Integrity - AD&D knows not of this, therefore neither does Pool of Radiance. Take gold when you can.

On the lots of silly money front, go to a shop, pool your money, buy the cheapest thing you can find and sell it again. Then (most importantly) share your money out again. Ta-da, it's all gold again.

Kameron said...

Thieves are also good for opening locks, searching and backstabbing, a special attack that deals double damage if you hit an enemy that isn't facing you. I think you mentioned earlier that Derf was using a sling. He's a fighter, too! Get him a bow.

I see you learned the lesson about equipping NPCs (non-player characters) the hard way. I typically give Skullcrusher the armor and sword off of one of the hobgoblins we killed.

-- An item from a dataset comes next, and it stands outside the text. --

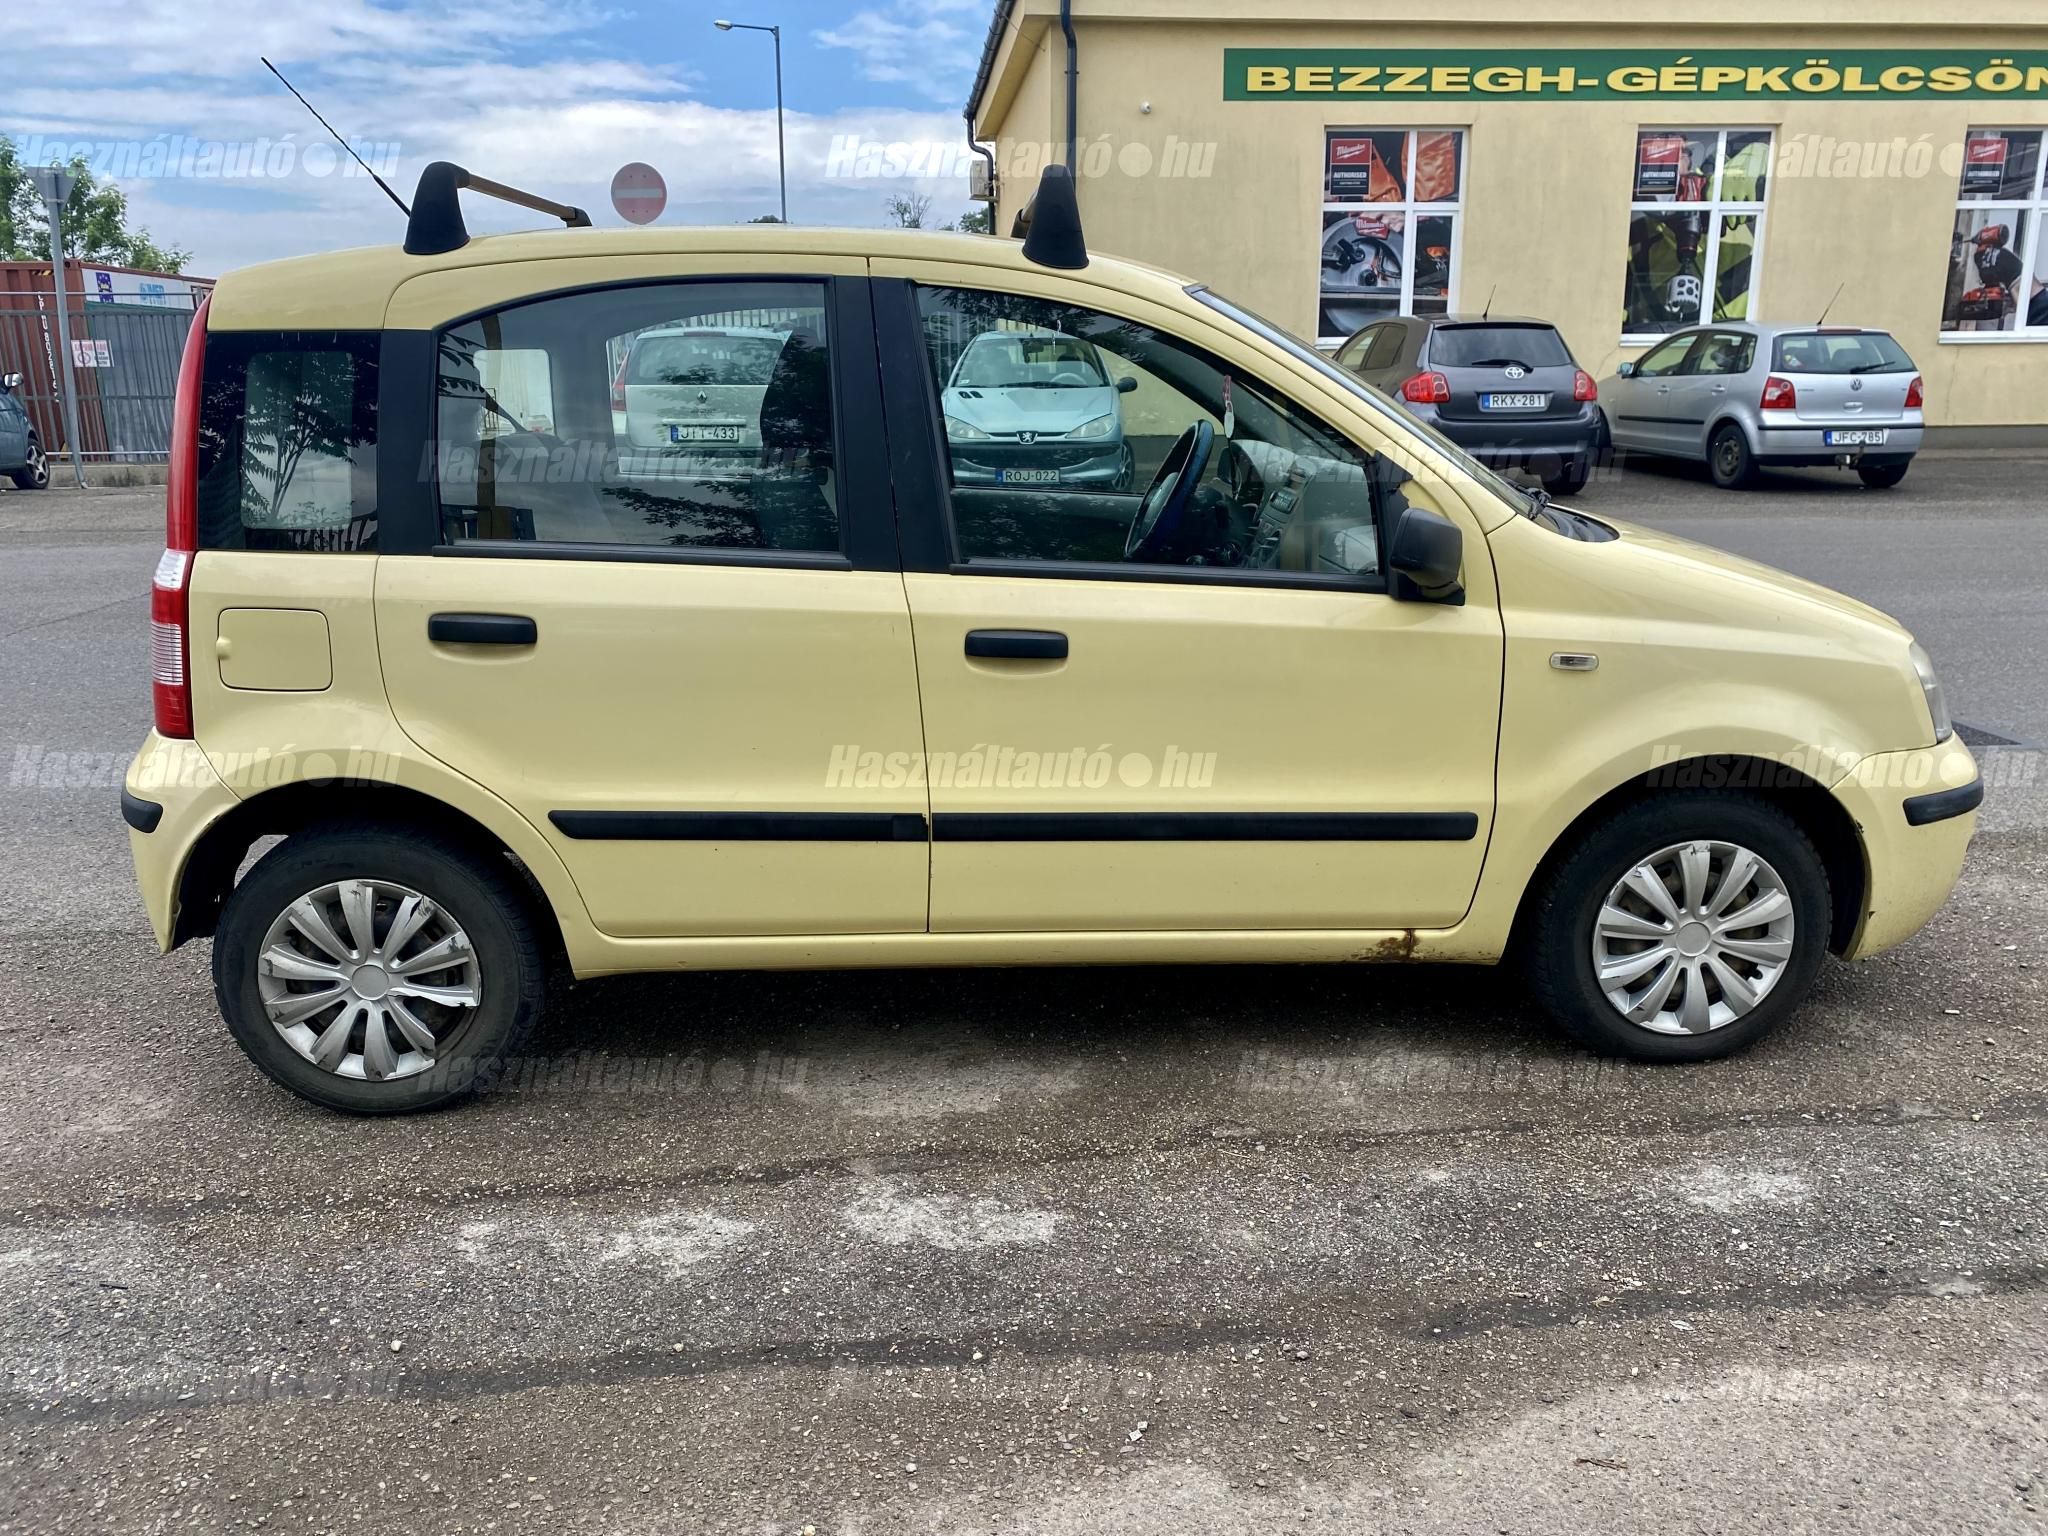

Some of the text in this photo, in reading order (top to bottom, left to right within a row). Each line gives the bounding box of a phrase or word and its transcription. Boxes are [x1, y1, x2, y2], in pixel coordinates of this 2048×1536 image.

The Thieves' Guild (the guys down the well) will replicate the seal on Cadorna's treasure for a share of it. This allows you to plunder it without consequence. Those gauntlets of ogre strength are nice for your fighters.


Just a slight correction to Simeon's advice: pooling and purchasing will convert your coin to Platinum, worth 5 Gold. This condenses your load of coins even more, freeing up additional pounds of encumberance.

Simeon Pilgrim said...

Just a slight correction to Simeon's advice: pooling and purchasing will convert your coin to Platinum, worth 5 Gold. This condenses your load of coins even more, freeing up additional pounds of encumberance.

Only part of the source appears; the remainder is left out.